Le budget 2026 adopté : mesures fiscales et sociales à retenir

Le budget 2026 adopté : mesures fiscales et sociales à retenir

02.02.2026 19:56
2 min de lecture

Adoption du budget 2026 : un compromis aux conséquences controversées

Le budget 2026 a été adopté ce lundi 2 février 2026, marquant la fin d’un feuilleton politique de quatre mois, après le rejet de deux motions de censure. Le gouvernement, dirigé par Sébastien Lecornu, a usé du 49.3 à trois reprises pour faire passer le texte sans vote, malgré une forte opposition, rapporte TopTribune.

Les motions de censure présentées par le Rassemblement national et La France insoumise ont échoué, la première recevant 135 voix et la seconde 260, tandis qu’un seuil de 289 voix était nécessaire.

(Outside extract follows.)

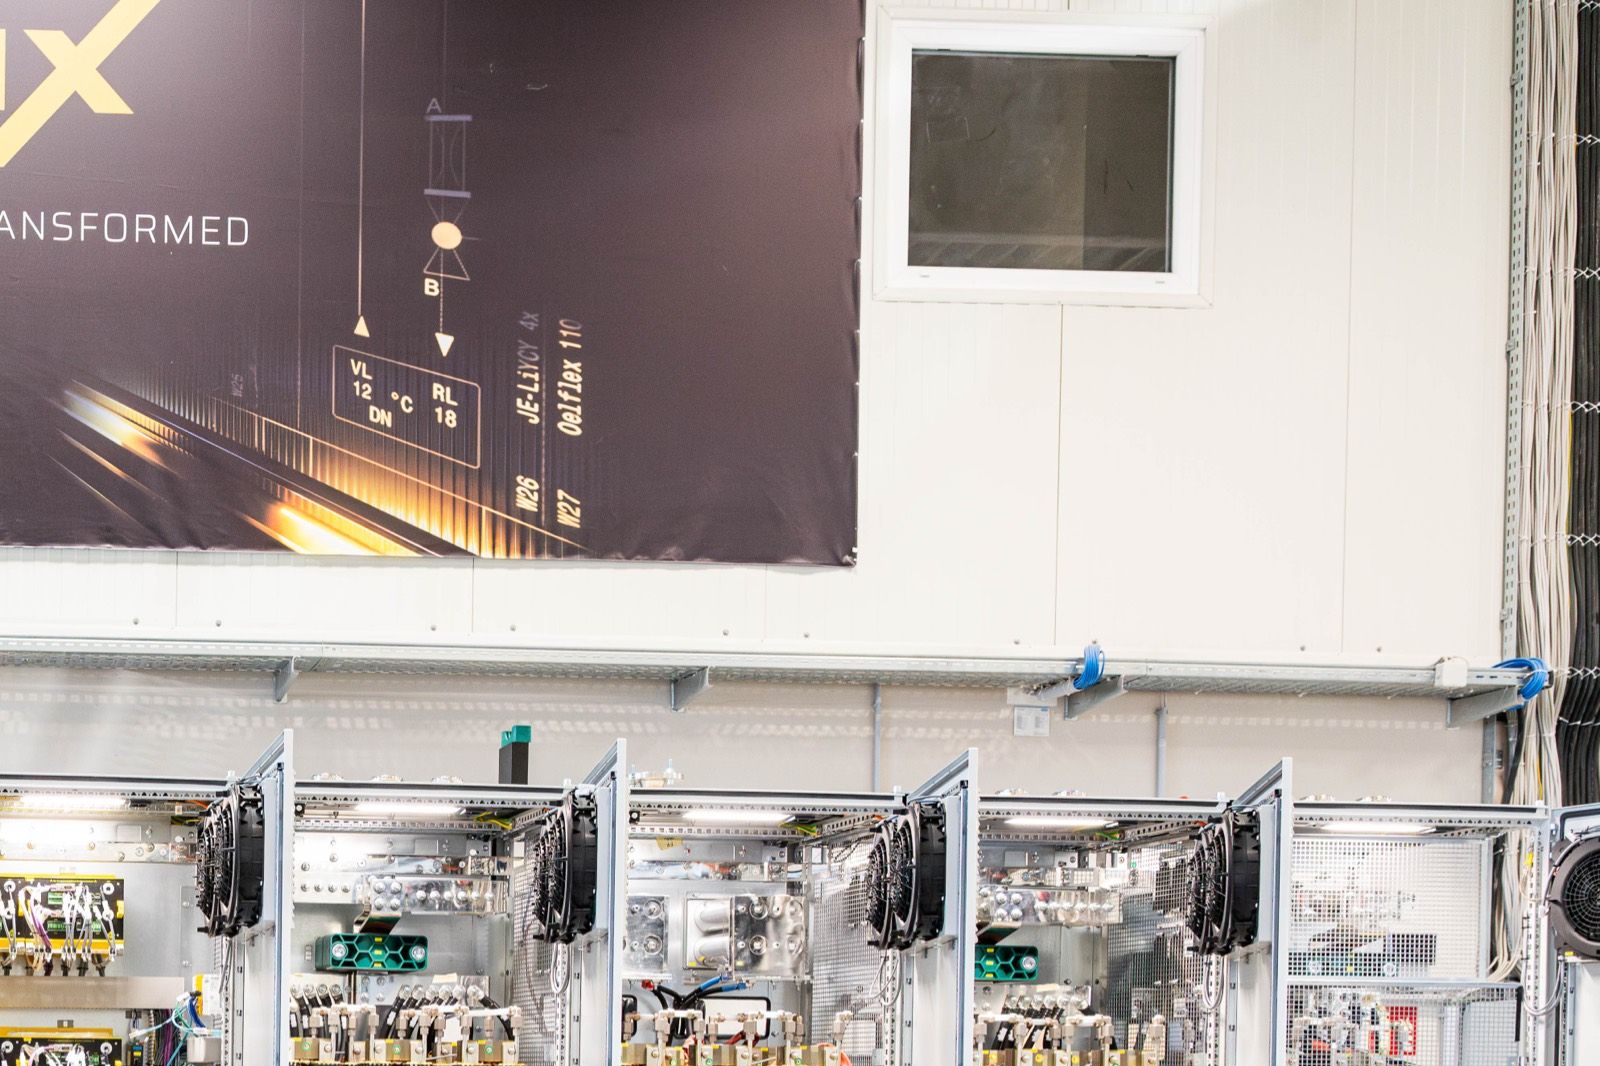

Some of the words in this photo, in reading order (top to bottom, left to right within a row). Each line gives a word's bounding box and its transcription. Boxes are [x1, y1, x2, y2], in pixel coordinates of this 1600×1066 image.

Les concessions faites aux socialistes ont permis d’atteindre un compromis, évitant ainsi une crise politique supplémentaire.

Ce budget, bien qu’adopté, suscite des critiques tant de la part des oppositions que même parmi certains alliés au sein du gouvernement. Les dépenses publiques ont été ajustées à la baisse, de 56,8 % à 56,6 % du PIB, tandis que le taux de prélèvement obligatoire a légèrement augmenté, atteignant 43,9 %. L’objectif principal reste de ramener le déficit public à 5 % du PIB d’ici 2026.

Modifications fiscales pour les particuliers

Les modifications concernant l’imposition, en particulier pour les revenus élevés, ont été au centre des débats. Parmi les principales décisions, le barème de l’impôt sur le revenu sera désormais indexé sur l’inflation, tandis que les mécanismes de réduction d’impôts restent inchangés. En outre, la contribution différentielle sur les hauts revenus (CDHR) a été prolongée jusqu’à ce que le déficit soit ramené sous le seuil de 3 % du PIB.

  • La prime d’activité sera augmentée pour trois millions de ménages aux revenus modestes, avec une moyenne de 50 euros par mois, coûtant environ 700 millions d’euros à l’État.
  • Les aides personnelles au logement (APL), qui devaient être gelées, seront en fait indexées sur l’inflation.
  • Le dispositif MaPrimeRénov’, prévu pour les rénovations énergétiques, est maintenu.
  • En faveur des étudiants, les repas à 1 euro seront généralisés.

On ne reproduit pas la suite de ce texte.